**Work instructions:** Retype each of the records below exactly, leaving the pictures out.
[The data Boundary: Start]
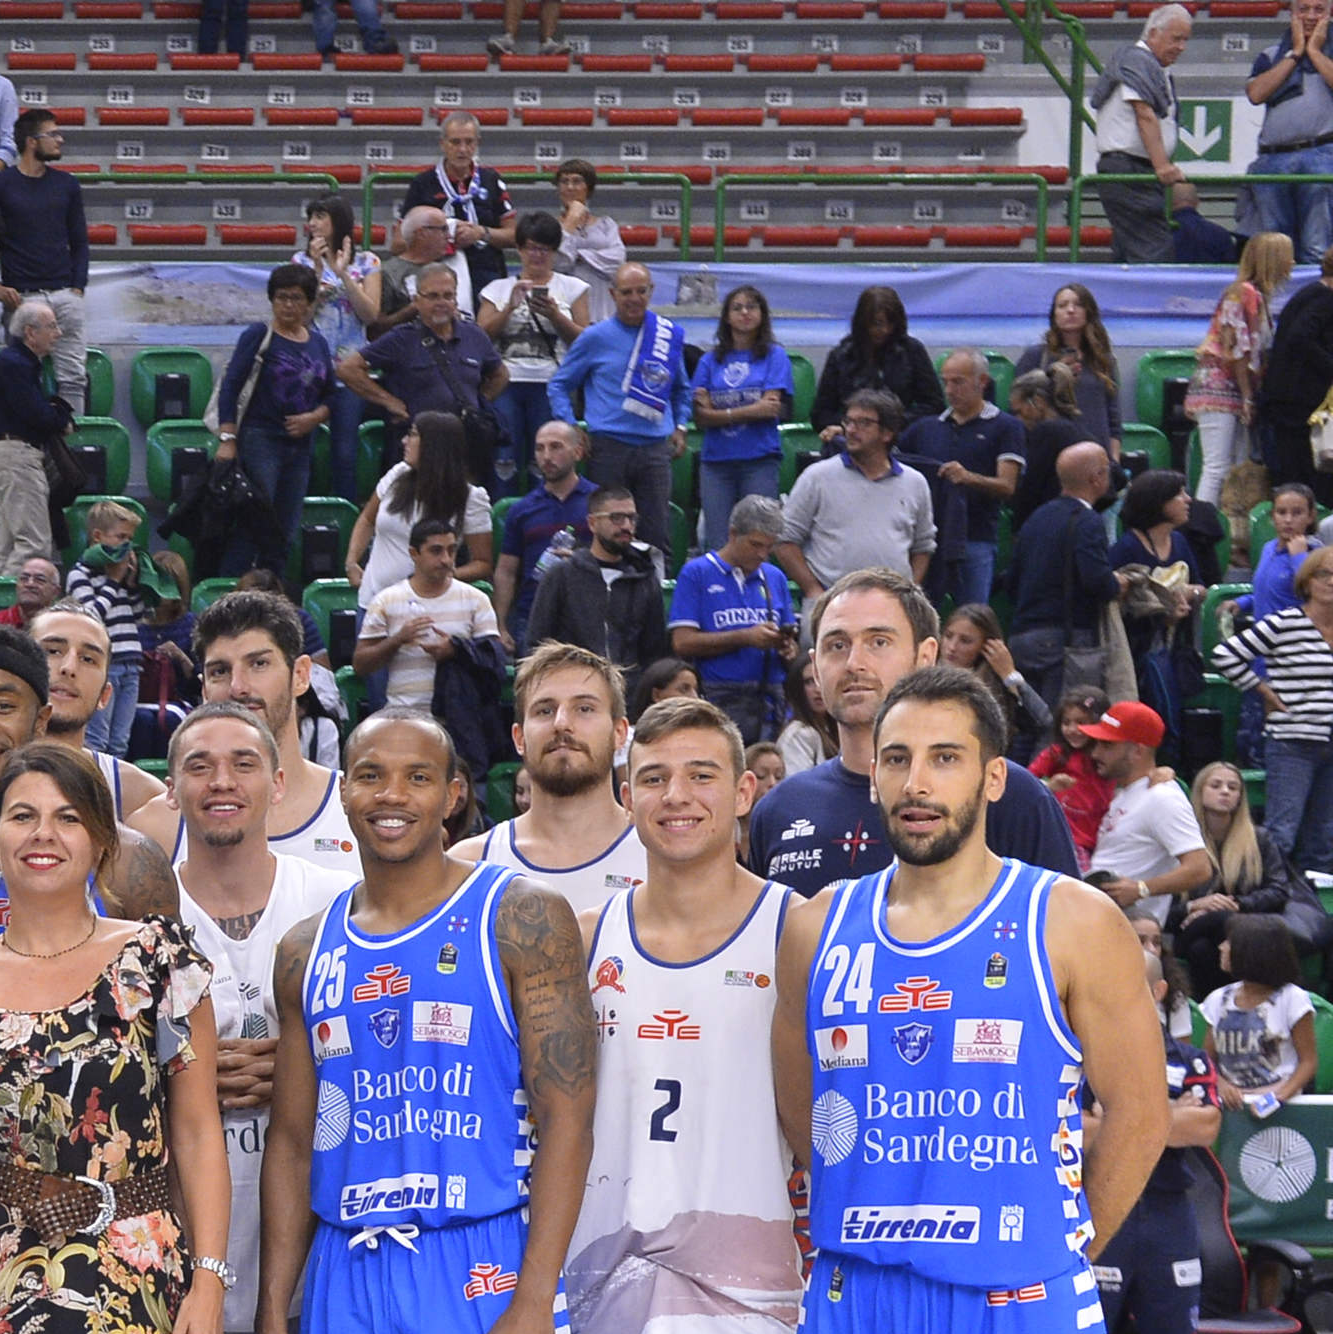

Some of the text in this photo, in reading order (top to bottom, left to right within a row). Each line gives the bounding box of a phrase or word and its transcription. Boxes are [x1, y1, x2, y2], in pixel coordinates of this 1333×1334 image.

[779, 861, 821, 873] MUTUA
[781, 849, 823, 863] REALE
[312, 944, 347, 1015] 25
[822, 942, 873, 1016] 24
[443, 1063, 472, 1098] di
[353, 1097, 482, 1144] Sardegna
[649, 1079, 682, 1143] 2
[864, 1083, 1025, 1119] Banco di
[863, 1127, 1039, 1171] Sardegna
[845, 1206, 978, 1241] tirrenia
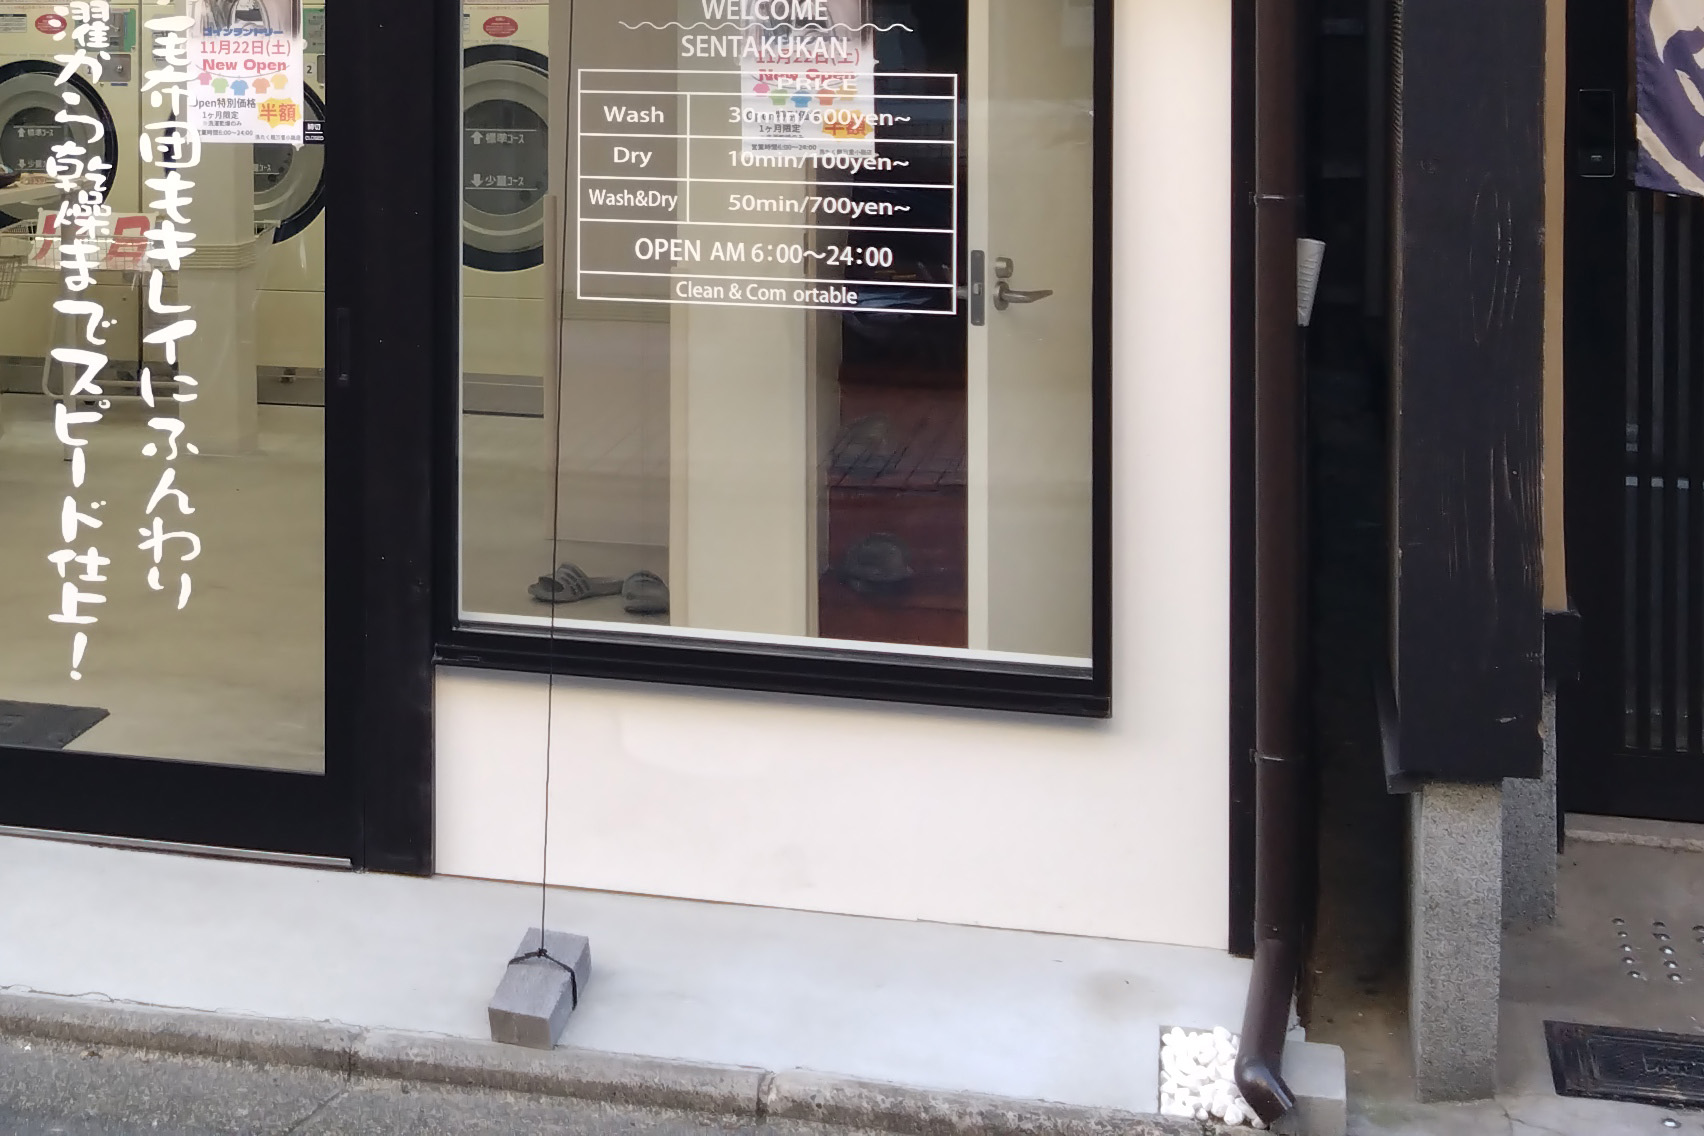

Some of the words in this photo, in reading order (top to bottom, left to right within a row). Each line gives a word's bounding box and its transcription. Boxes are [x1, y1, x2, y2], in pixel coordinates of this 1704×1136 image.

[200, 40, 291, 57] 11月22日(土)
[681, 35, 848, 59] SENTAKUKAN
[202, 58, 237, 71] New
[243, 58, 287, 74] Open
[777, 76, 858, 92] PRICE
[259, 103, 297, 123] 半額
[603, 105, 665, 124] Wash
[613, 147, 653, 170] Dry
[588, 188, 679, 213] Wash&Dry
[635, 237, 701, 262] OPEN
[711, 241, 745, 263] AM
[676, 280, 725, 300] Clean
[728, 282, 743, 301] &
[The data Boundary: End]
**Your solution:**
Some of the text in this photo, in reading order (top to bottom, left to right within a row). Each line gives the bounding box of a phrase or word and its transcription. Boxes are [x1, y1, x2, y2], in pixel coordinates of this 1333×1334 image.

[779, 861, 821, 873] MUTUA
[781, 849, 823, 863] REALE
[312, 944, 347, 1015] 25
[822, 942, 873, 1016] 24
[443, 1063, 472, 1098] di
[353, 1097, 482, 1144] Sardegna
[649, 1079, 682, 1143] 2
[864, 1083, 1025, 1119] Banco di
[863, 1127, 1039, 1171] Sardegna
[845, 1206, 978, 1241] tirrenia

Some of the words in this photo, in reading order (top to bottom, left to right within a row). Each line gives a word's bounding box and its transcription. Boxes are [x1, y1, x2, y2], in pixel coordinates of this 1704×1136 image.

[200, 40, 291, 57] 11月22日(土)
[681, 35, 848, 59] SENTAKUKAN
[202, 58, 237, 71] New
[243, 58, 287, 74] Open
[777, 76, 858, 92] PRICE
[259, 103, 297, 123] 半額
[603, 105, 665, 124] Wash
[613, 147, 653, 170] Dry
[588, 188, 679, 213] Wash&Dry
[635, 237, 701, 262] OPEN
[711, 241, 745, 263] AM
[676, 280, 725, 300] Clean
[728, 282, 743, 301] &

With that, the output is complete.